Cette huitième longueur donnait sur un jardin de 20 m. Nous envisagions de finir la voie à cet endroit mais nous trouvions dommage de ne pas sortir au sommet, et cerise sur le gâteau le dernier mur nous offrait une qualité de rocher exceptionnelle et une ligne évidente en fissure large. Cette longueur était vraiment cool pour finir en beauté. Un peu particulière car elle ressemblait à une couenne mais ça vaut le coup ! Un peu de Dülfer, un peu de verrous de mains, pas beaucoup de pieds… Un 7b+ bien corsé !

La « garden traverse » 😉

Vous l’aurez compris cette grande-voie n’a pas arrêté de nous surprendre et nous étions déboussolés ! « Anosmia » (c.-à-d. Perte des sens) est née. 😉 Voilà le résultat d’une belle aventure d’équipe. Il a fallu constamment se relayer et chacun a donné le meilleur de soi-même aux moments où il fallait… Toutes les longueurs ont été libérées (merci la machine Gérôme Pouvreau !). Alors nous espérons sincèrement que des grimpeurs s’y aventureront ! On attend vos retours !! Si vous êtes curieux voilà quelques images pour se rendre compte de l’ampleur de la bête : https://fb.watch/1xcJKXoT3c/ !!

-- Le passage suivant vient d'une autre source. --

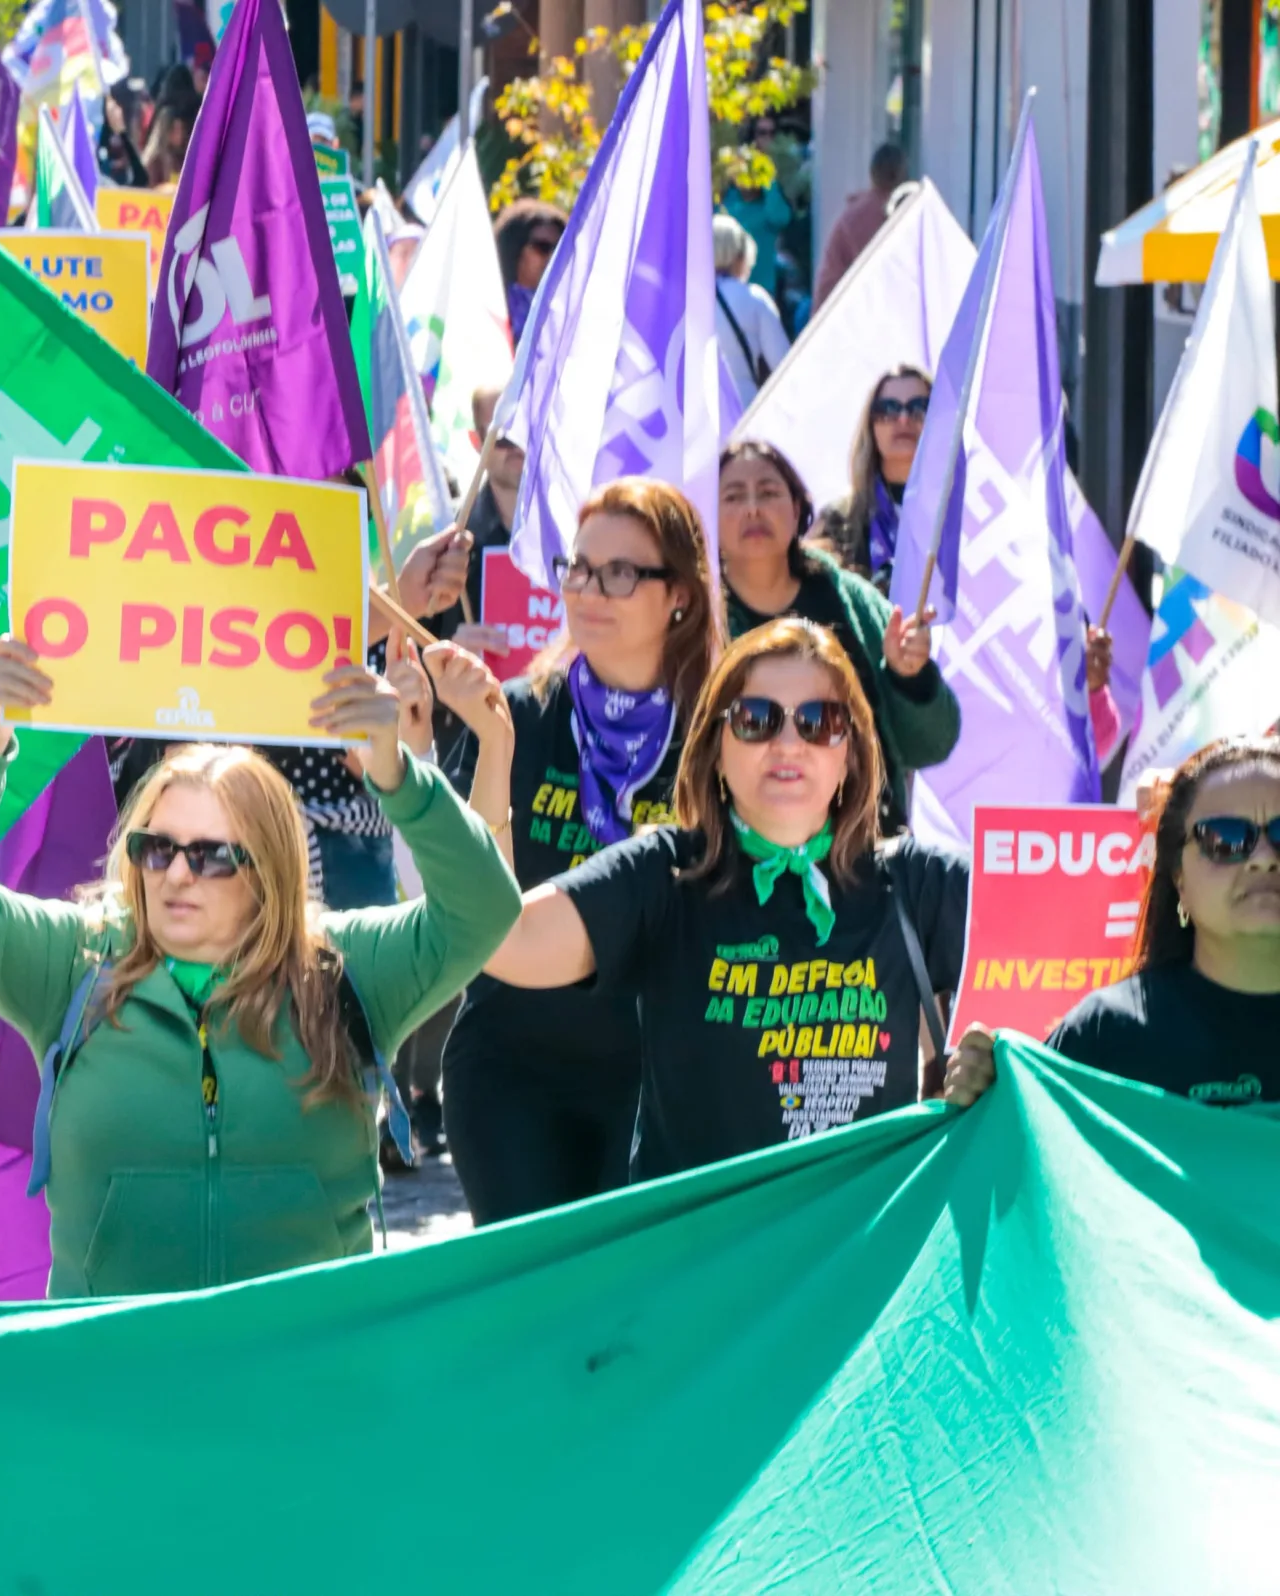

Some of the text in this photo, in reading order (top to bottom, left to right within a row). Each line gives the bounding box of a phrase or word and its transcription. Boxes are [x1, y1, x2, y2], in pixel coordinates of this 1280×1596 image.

[118, 202, 173, 231] PA
[68, 496, 317, 572] PAGA
[22, 597, 353, 671] O PISO!
[531, 783, 578, 821] EM
[529, 816, 552, 845] DA
[708, 956, 877, 997] EM DEFESA
[704, 982, 887, 1029] DA EDUCAÇÃO
[757, 1022, 879, 1059] PÚBLICA!
[803, 1095, 861, 1111] RESPEITO

En ce qui me concerne j’espère y retourner un jour et prendre le temps de bien travailler et enchainer les longueurs en dalle qui m’ont posé problème… Il manquait nos deux pros de la dalle… Arnaud et Eline j’aurais bien eu besoin d’un cours ! Et puis, 3 semaines c’est court pour équiper et grimper une grande-voie de cette ampleur !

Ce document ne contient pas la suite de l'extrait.